It's expensive, slow, and difficult, but it's possible, cheaper, and easier than ever. Almost full-automatic.

But they're keeping the good stuff to themselves, of course. And a team of coders in Brazil proved it.

Are there any benevolent reasons our lords and masters may be keeping their wealth and power away from the masses? Of course.

Young Einon: The peasants are revolting.
Brok: They've always been revolting. But now they're rebelling.
There are also good reasons why big companies are able to do the impossible. Billions of those reasons to dry their tears at night over the world's smallest violin they play for the paupers.

And I'm sure it makes their trousers brown to know that beige Catholics in Brazil can turn their graphics processing units (GPUs) into supercomputers at the drop of a hat.

Why didn't I think of it? Well, I did. I just didn't implement it. My technical abilities were somewhat limited back before I discovered the secrets of making girls drag me home.

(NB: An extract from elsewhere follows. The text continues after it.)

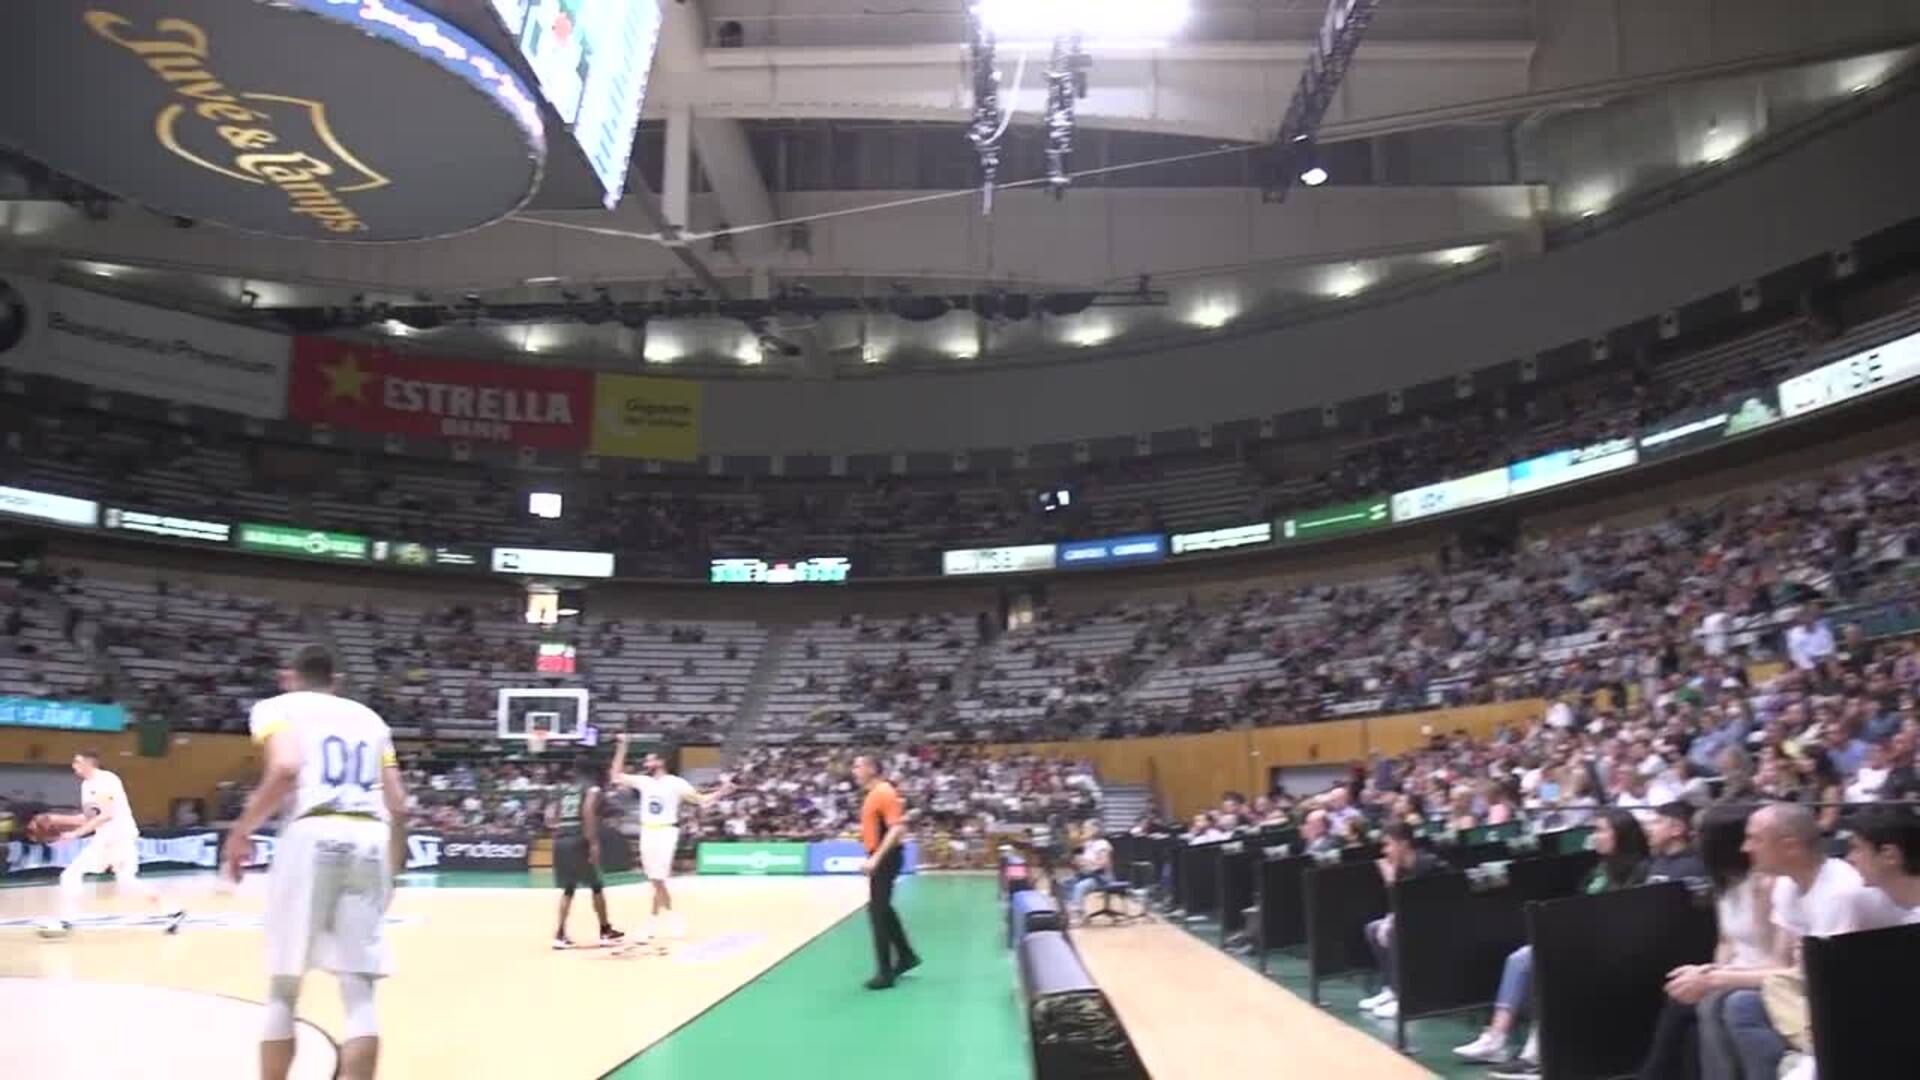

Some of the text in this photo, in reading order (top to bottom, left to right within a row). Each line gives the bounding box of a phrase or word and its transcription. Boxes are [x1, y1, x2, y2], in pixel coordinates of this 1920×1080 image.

[83, 10, 370, 232] Juvé & Camps
[383, 374, 573, 424] ESTRELLA
[444, 841, 527, 858] endesa

That must be the reason why I got distracted for about 15 prime years the good Lord set aside to make me a god of software development.

Breasts. Hmm.

Very, very distracting things. Expensive, too. Which means you'll need to be successful. And software companies are full of very successful people who can afford lots of distracting things.

If you want to be successful in 2019, you've got to be a technology company. Whether or not the world sees you that way is another thing.

Wal-mart, for instance, is a high-tech company. It's not obvious, but it's true. Robots scan the shelves to re-order sold inventory, and do a better job than the humans.

To become or join a tech company poised for success in the modern age only requires an app.

But you won't download that app unless you're a real-life rebel. The kind of bad boy the girls all want, who defies the social norms, puts on his pocket protector, slicks back his hair and throws caution to the wind!

To do whatever is necessary.

And if you're really serious about going your own way, and you're willing to zig while the world zags, you might even need to strap on a fanny pack.

Be prepared. The world is changing. It's true. And you don't have to take my word for it.

I'll even provide three key examples of the coding revolution, already in progress.

The first example is one you might be expecting. Conclusive proof that...

1) Most software developers are already obsolete. Since about 1985, really. 

Yes. I said most of them. You could have the same results with 90% fewer developers.

That's because...

a. Devs spend 90% of their time chasing bugs. They don't need to do that anymore. Bugs are so 2016. (See below)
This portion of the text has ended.